● **Problem statement**
With the pictures left out, copy the listing below exactly.

● **Task inputs**
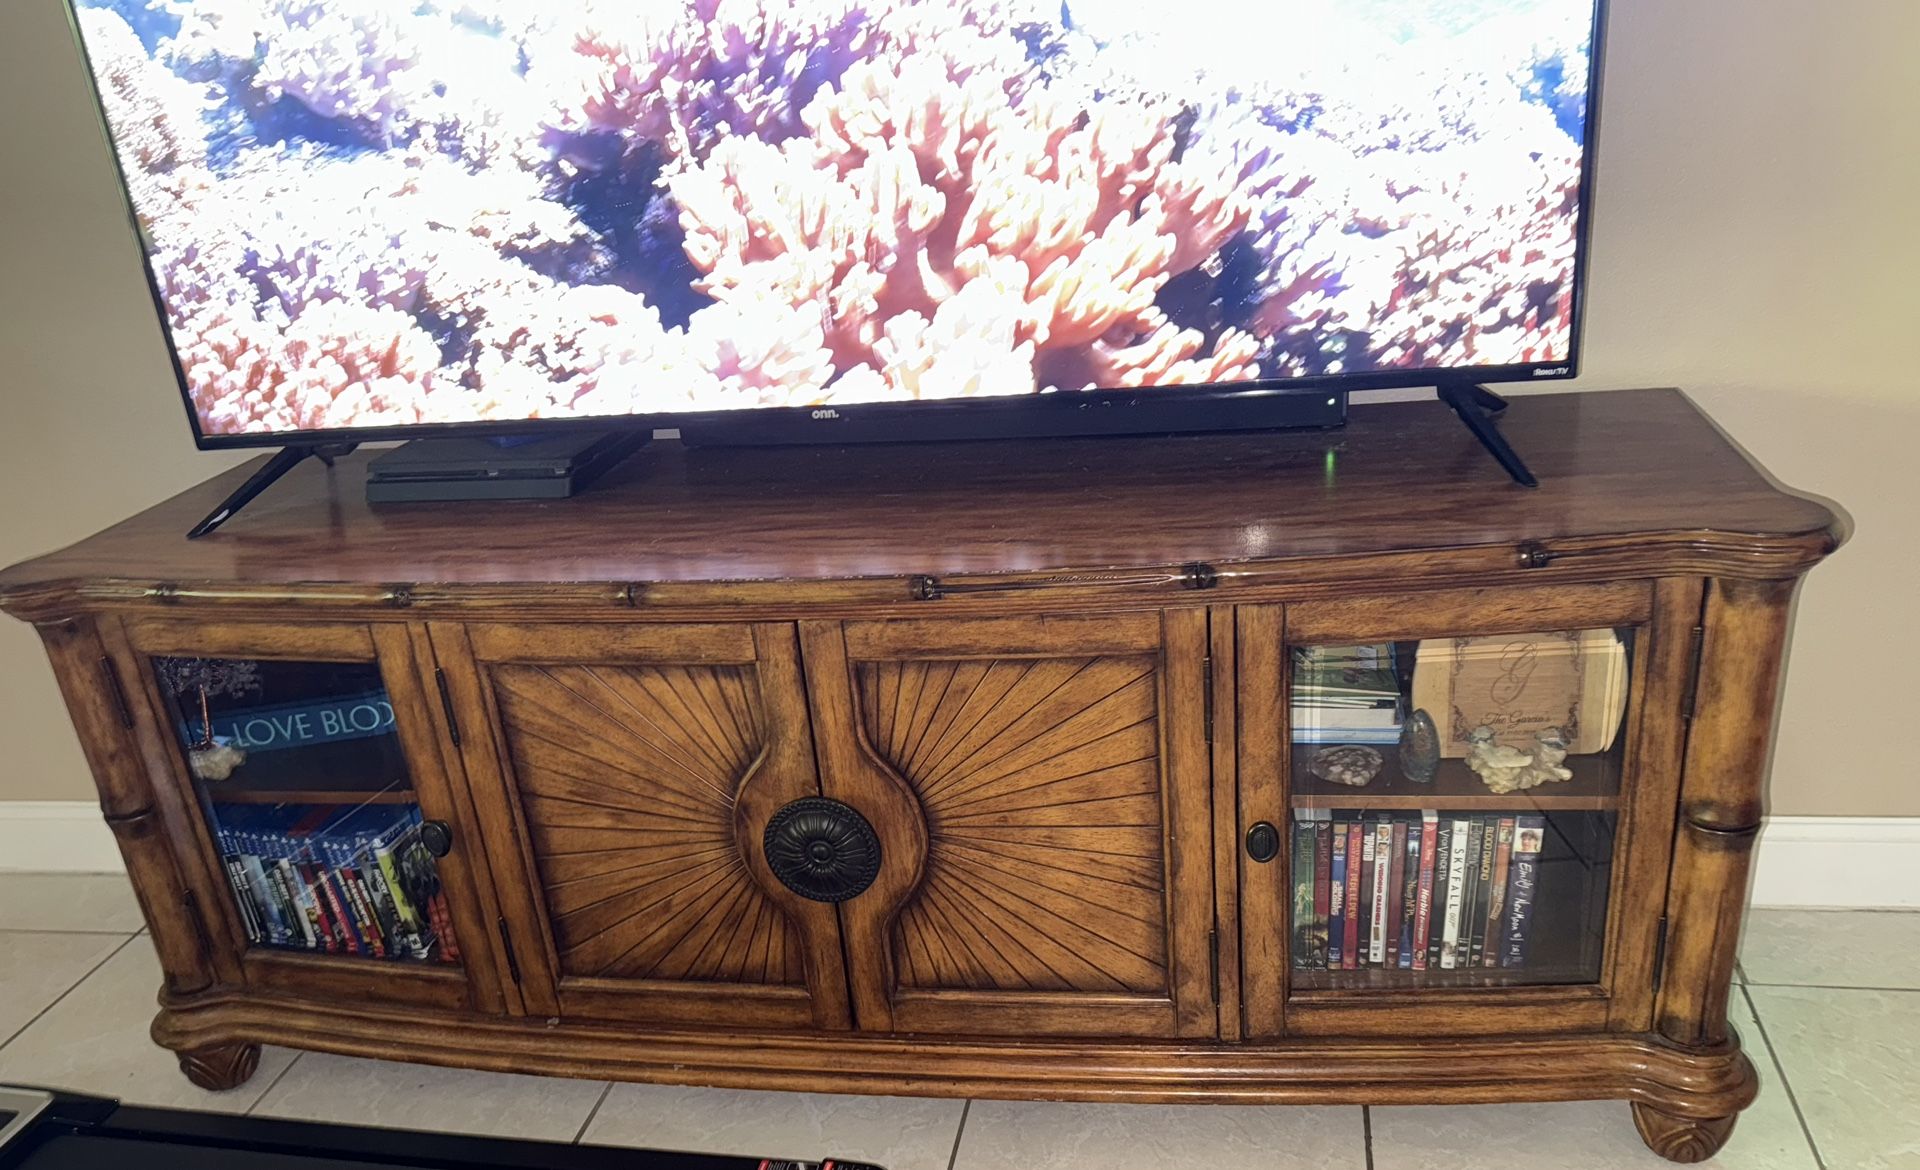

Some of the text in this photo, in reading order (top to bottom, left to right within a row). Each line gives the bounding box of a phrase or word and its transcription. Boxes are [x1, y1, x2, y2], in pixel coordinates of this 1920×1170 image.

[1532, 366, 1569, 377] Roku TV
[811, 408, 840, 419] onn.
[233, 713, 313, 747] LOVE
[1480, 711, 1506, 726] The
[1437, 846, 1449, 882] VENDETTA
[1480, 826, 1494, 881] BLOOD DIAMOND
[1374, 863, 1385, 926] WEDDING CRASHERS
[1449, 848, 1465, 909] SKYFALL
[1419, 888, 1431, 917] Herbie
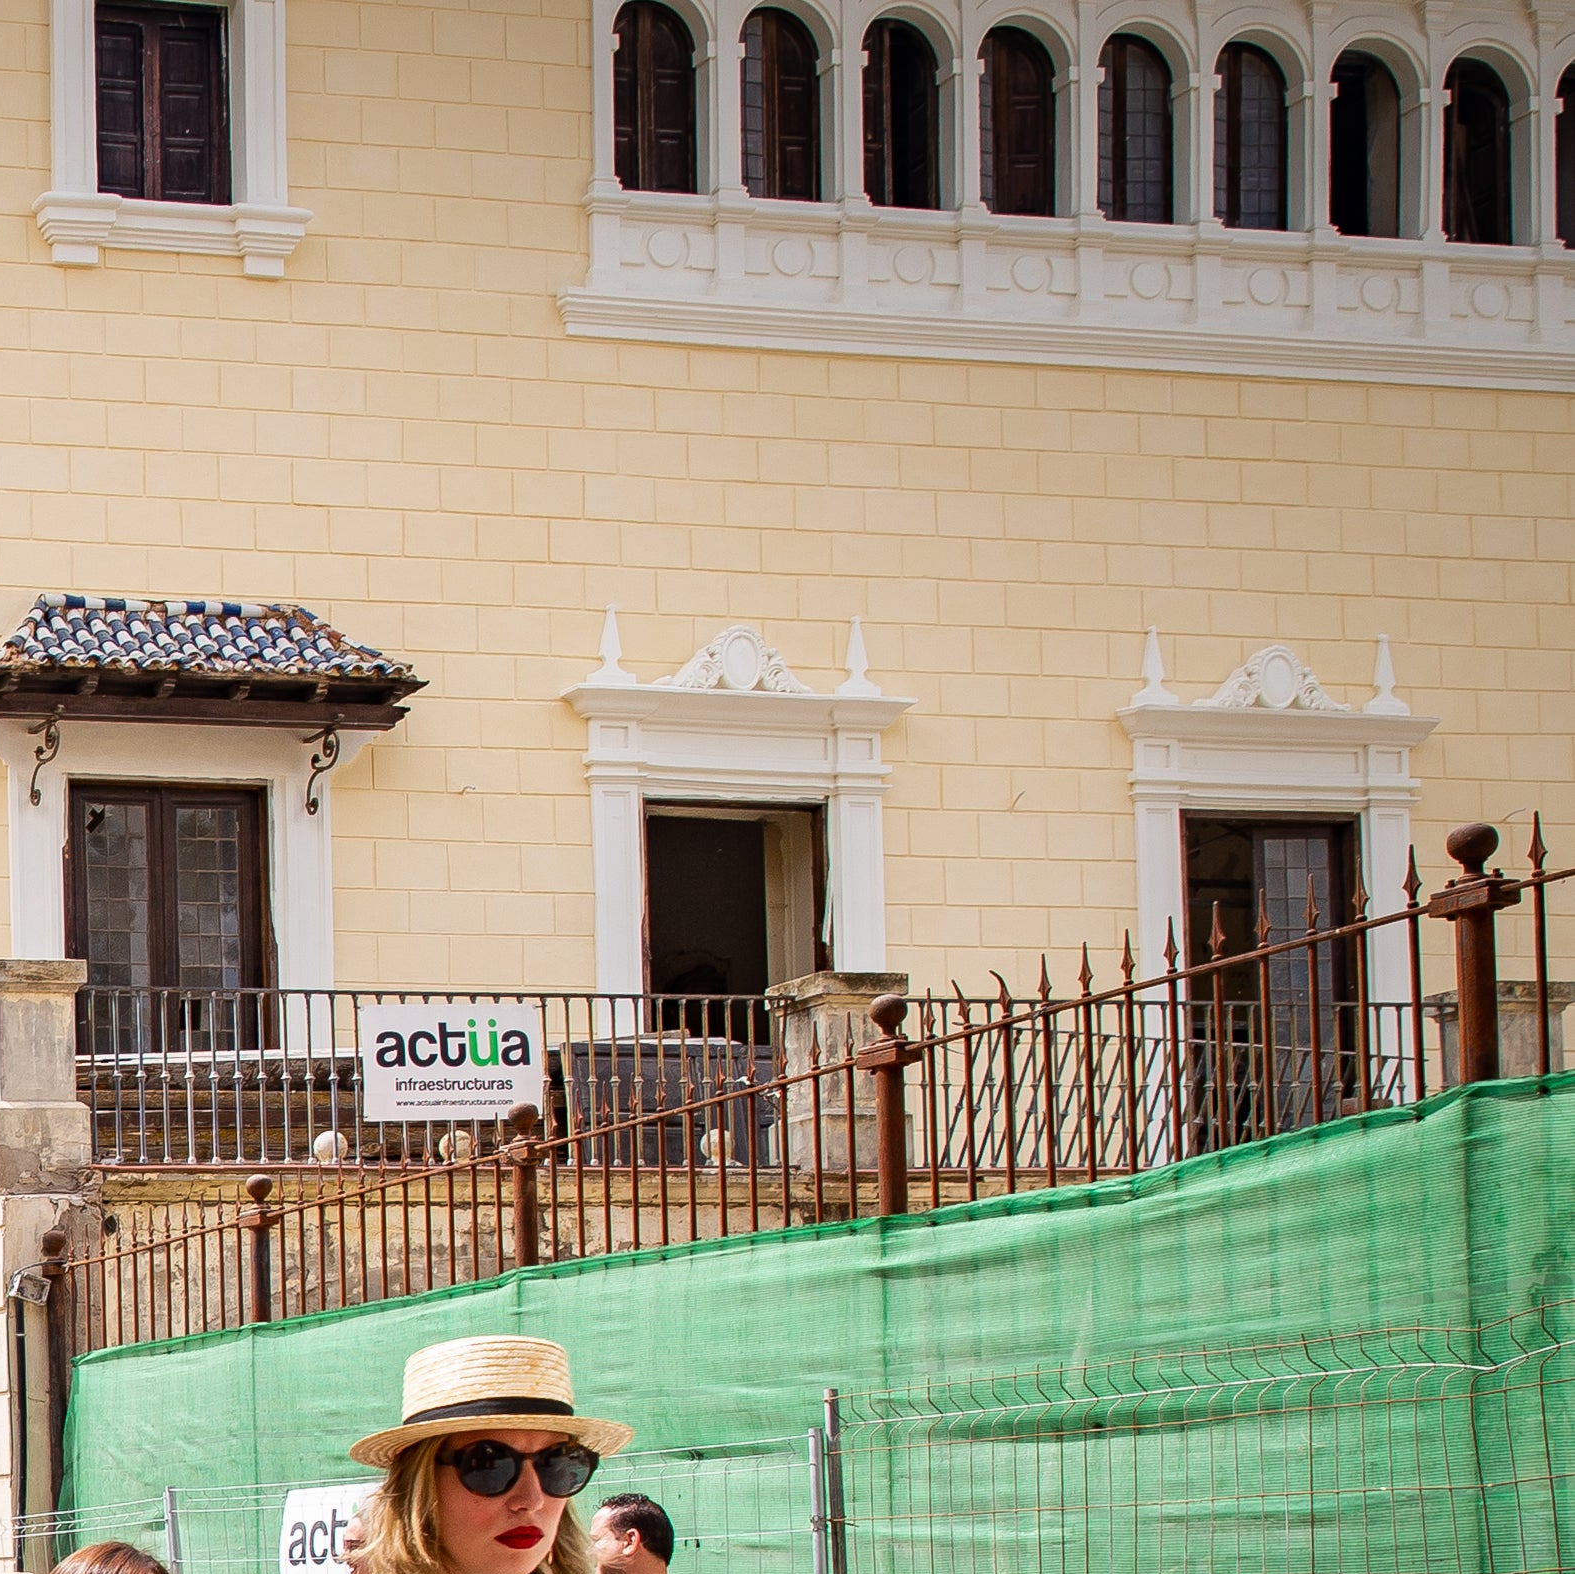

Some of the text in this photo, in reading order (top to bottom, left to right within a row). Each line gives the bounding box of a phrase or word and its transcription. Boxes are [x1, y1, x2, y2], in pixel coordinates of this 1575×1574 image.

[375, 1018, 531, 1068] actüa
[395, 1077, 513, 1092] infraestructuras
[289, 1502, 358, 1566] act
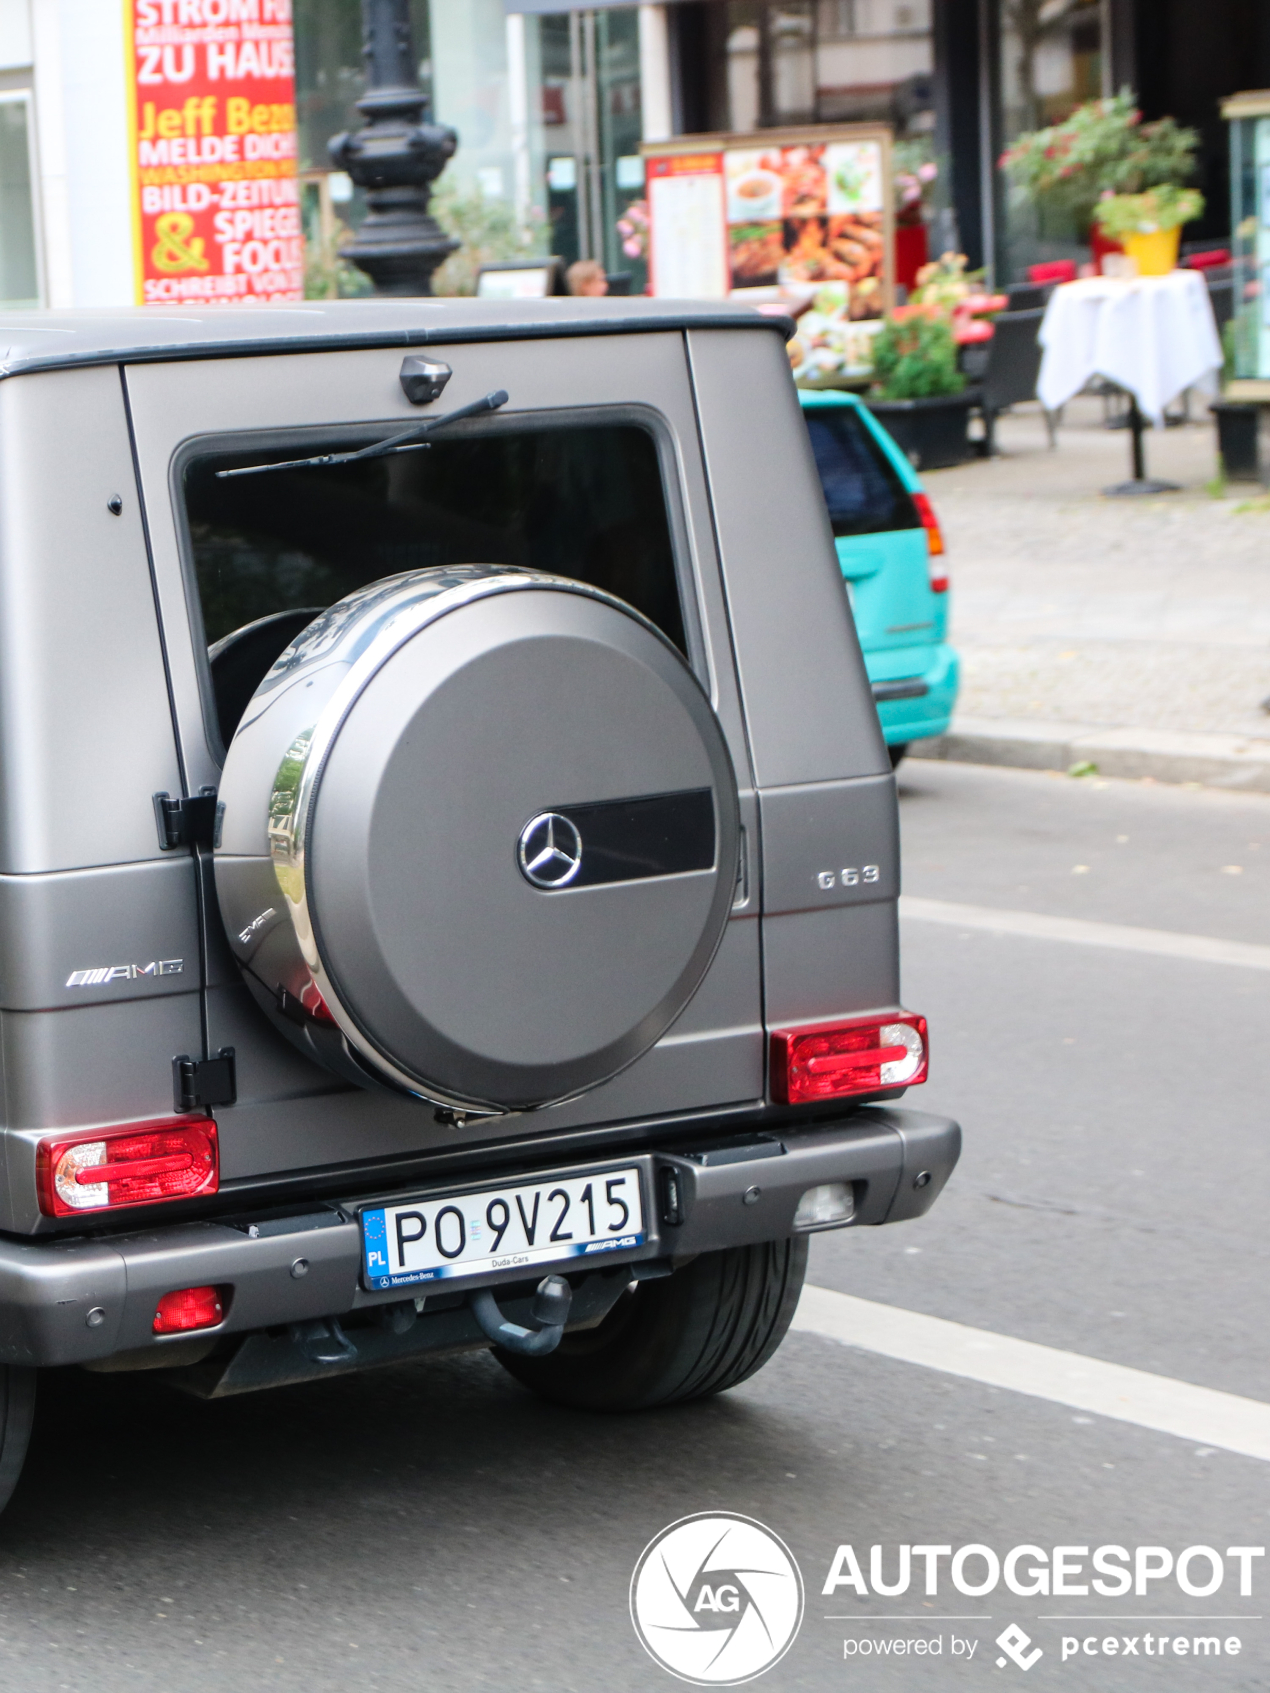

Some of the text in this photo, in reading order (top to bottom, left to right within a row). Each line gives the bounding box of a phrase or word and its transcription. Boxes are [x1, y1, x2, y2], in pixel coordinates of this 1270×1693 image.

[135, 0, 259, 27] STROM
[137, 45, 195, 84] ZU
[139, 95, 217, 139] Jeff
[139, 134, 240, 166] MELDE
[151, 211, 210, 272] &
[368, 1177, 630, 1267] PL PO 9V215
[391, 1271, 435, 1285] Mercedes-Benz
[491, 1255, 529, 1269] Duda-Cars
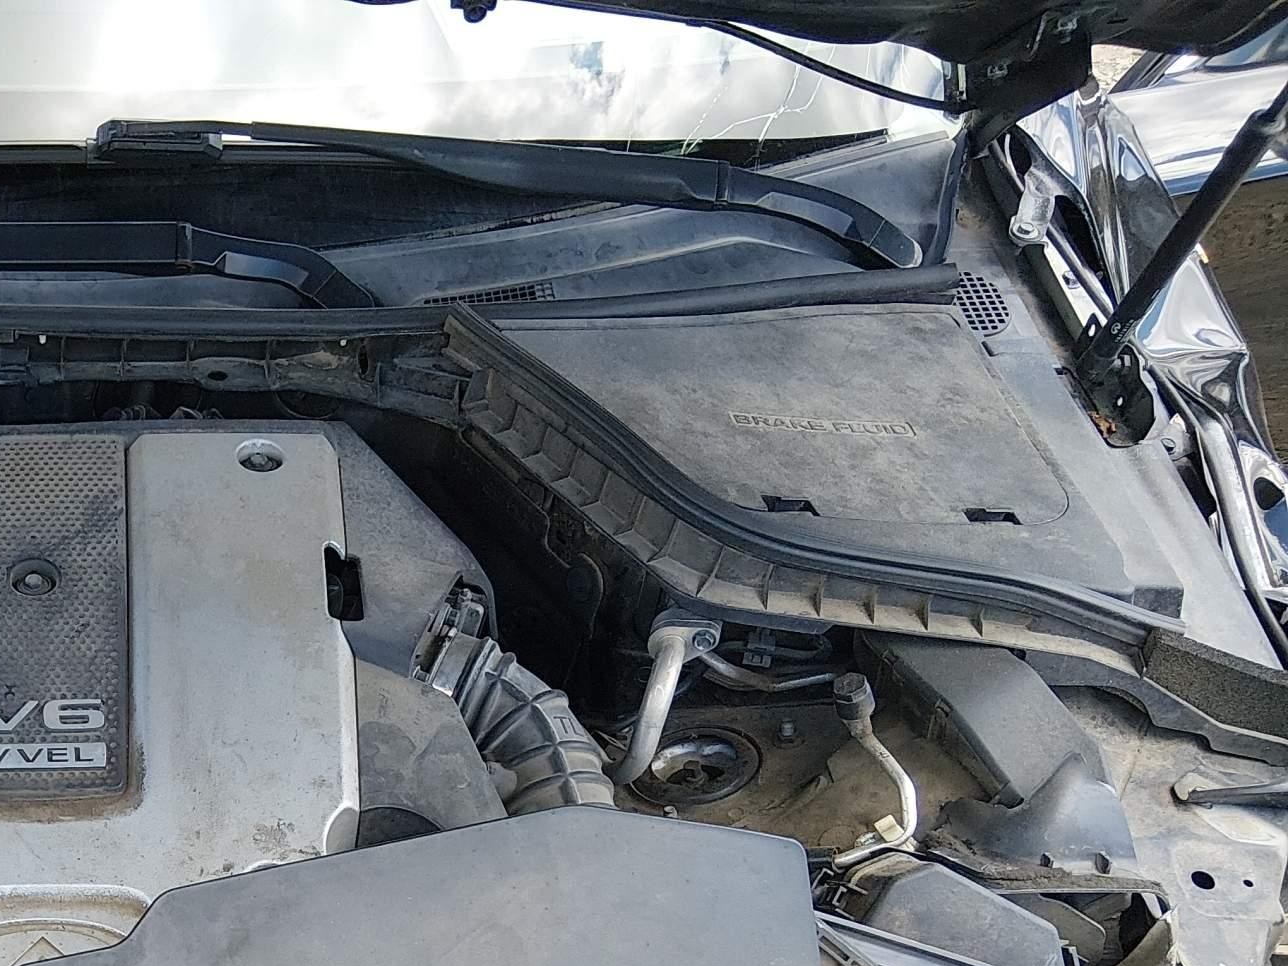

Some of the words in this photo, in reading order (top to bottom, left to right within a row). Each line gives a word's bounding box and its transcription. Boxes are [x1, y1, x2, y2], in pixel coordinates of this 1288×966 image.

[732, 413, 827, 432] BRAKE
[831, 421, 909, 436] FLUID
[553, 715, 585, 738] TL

● **Solution**
Some of the text in this photo, in reading order (top to bottom, left to right within a row). Each line gives the bounding box of a phrase or word and its transcription. Boxes are [x1, y1, x2, y2], in pixel coordinates of this 1920×1170 image.

[1532, 366, 1569, 377] Roku TV
[811, 408, 840, 419] onn.
[233, 713, 313, 747] LOVE
[1480, 711, 1506, 726] The
[1437, 846, 1449, 882] VENDETTA
[1480, 826, 1494, 881] BLOOD DIAMOND
[1374, 863, 1385, 926] WEDDING CRASHERS
[1449, 848, 1465, 909] SKYFALL
[1419, 888, 1431, 917] Herbie

Some of the text in this photo, in reading order (top to bottom, left to right within a row). Each line gives the bounding box of a phrase or word and its transcription. Boxes are [x1, y1, x2, y2], in pixel coordinates of this 1575×1574 image.

[375, 1018, 531, 1068] actüa
[395, 1077, 513, 1092] infraestructuras
[289, 1502, 358, 1566] act

Some of the text in this photo, in reading order (top to bottom, left to right within a row). Each line gives the bounding box of a phrase or word and its transcription. Boxes are [x1, y1, x2, y2], in pixel coordinates of this 1270×1693 image.

[135, 0, 259, 27] STROM
[137, 45, 195, 84] ZU
[139, 95, 217, 139] Jeff
[139, 134, 240, 166] MELDE
[151, 211, 210, 272] &
[368, 1177, 630, 1267] PL PO 9V215
[391, 1271, 435, 1285] Mercedes-Benz
[491, 1255, 529, 1269] Duda-Cars

Some of the words in this photo, in reading order (top to bottom, left to right within a row). Each line gives a word's bounding box and its transcription. Boxes are [x1, y1, x2, y2], in pixel coordinates of this 1288×966 image.

[732, 413, 827, 432] BRAKE
[831, 421, 909, 436] FLUID
[553, 715, 585, 738] TL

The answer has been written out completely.